How’s Your Sense of Smell?

sense of smell
Human olfactory system: 1- Olfactory bulb 2- Mitral cells 3- Bone 4- Nasal epithelium 5- Glomerulus 6- Olfactory receptor neurons

Cooking is one of my passions. As with many things in my life I am self-taught having undertaken a blitzkrieg education soon after I got married. While I have developed into a better than average cook, I have never been able to improve on a decidedly weak sense of smell.

Not smelling well means my taste buds also suffer as smell— the first of our senses to develop and functioning in utero—is responsible for seventy five percent of the impression a flavor has. While smell is our first sense to develop it isn’t everlasting. We smell best in our late twins and go downhill from there.

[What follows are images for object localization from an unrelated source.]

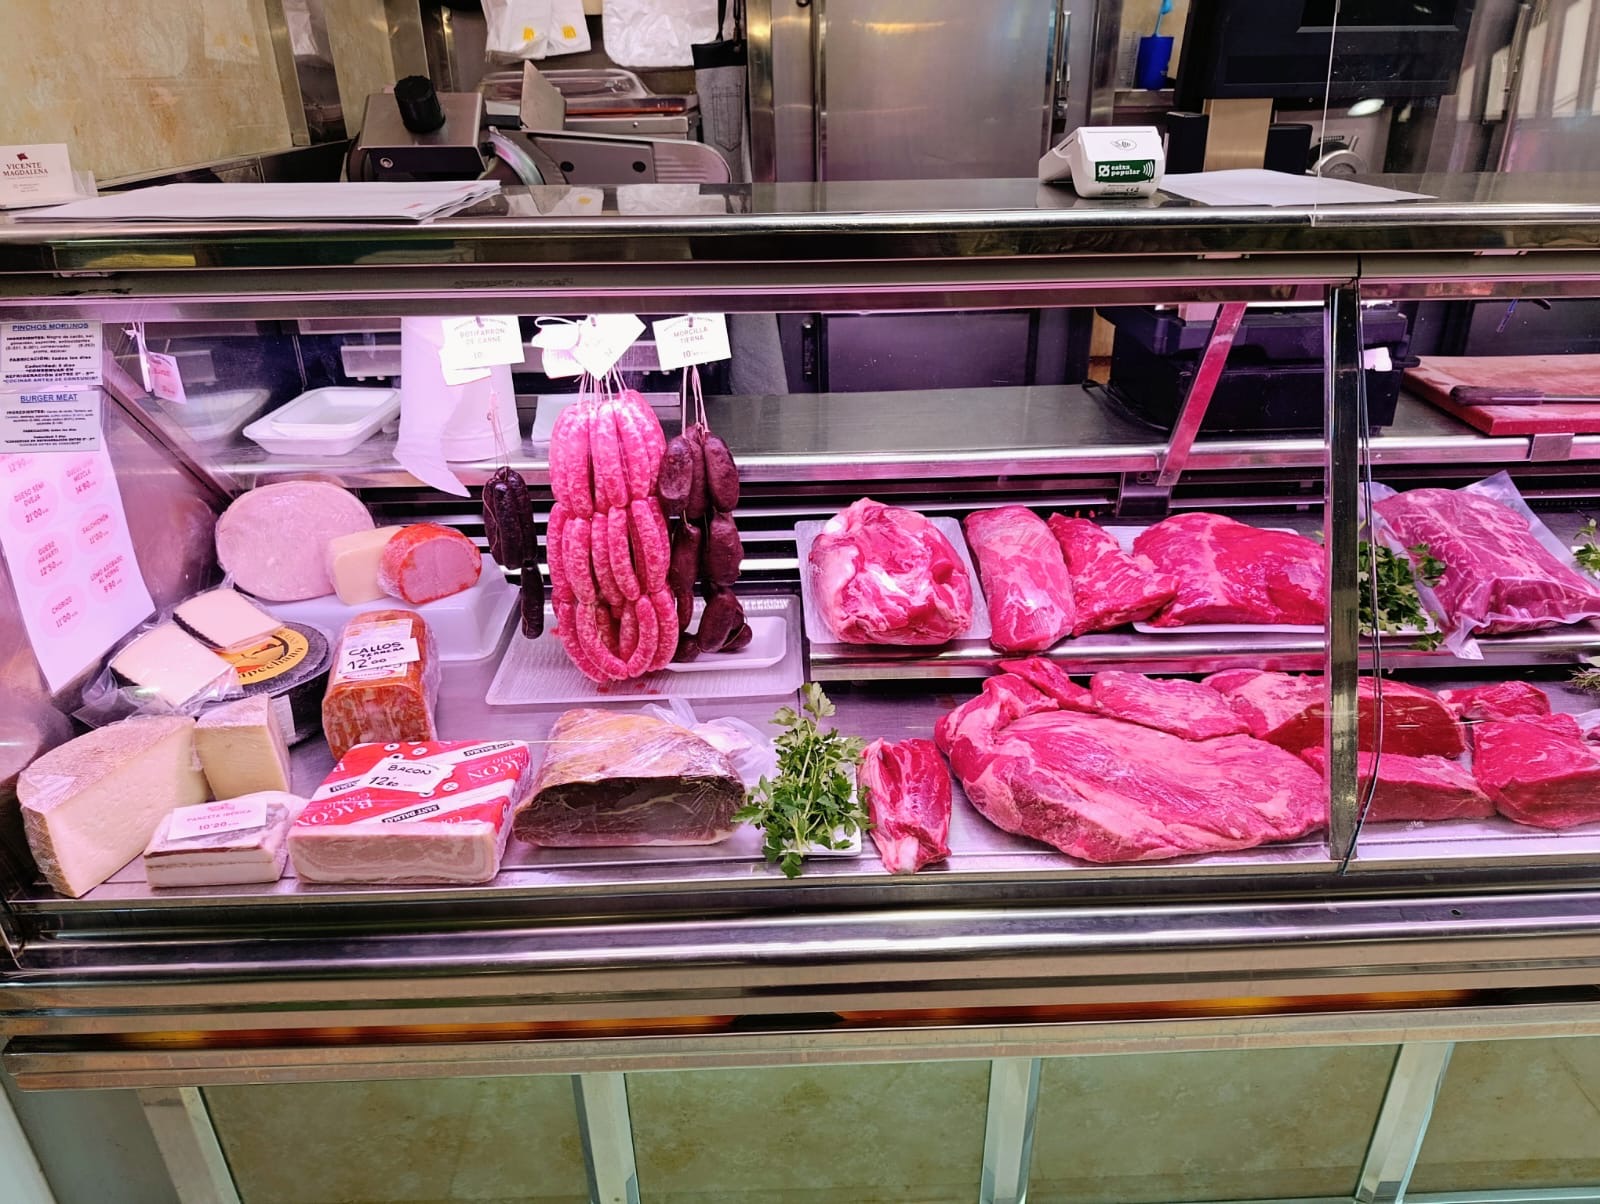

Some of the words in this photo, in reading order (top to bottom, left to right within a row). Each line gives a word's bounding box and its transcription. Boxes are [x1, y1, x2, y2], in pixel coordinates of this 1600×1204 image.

[6, 162, 41, 170] VICENTE
[1110, 169, 1140, 177] popular
[20, 394, 54, 403] BURGER
[56, 393, 78, 401] MEAT
[348, 641, 402, 656] CALLOS
[359, 646, 405, 659] TERNERA
[388, 764, 432, 776] BACON
[296, 798, 373, 828] BACON
[415, 804, 440, 817] SANT
[186, 813, 220, 822] PANCETA

Smell is the most sensitive of our senses remaining in our memory for long periods. On the flip side our sense of smell gets acclimated to an environment quite quickly. The intensity of how you smell something when you first enter a room will soon dissipate.

Every person has a distinct smell sort of like a fingerprint except for twins who smell exactly alike, which is kind of cool and kind of weird. There can definitely a heightened emotional connection to smell, at least for me, because even though I don’t have a good sense of smell my father’s scent might the thing I remember most about him.

Smell also factors into many survival instincts in interesting ways. When it comes to furthering the species we are hard wired to find the smell of our parents as unattractive. We basically emit an anti-incest scent. This probably happens sometime around puberty when the first whiff of body odor often makes an appearance.

To be honest, not having an acute olfactory awareness can have its advantages, especially when you live in a one and a half bedroom apartment with a wife, two kids, two cats and a dog.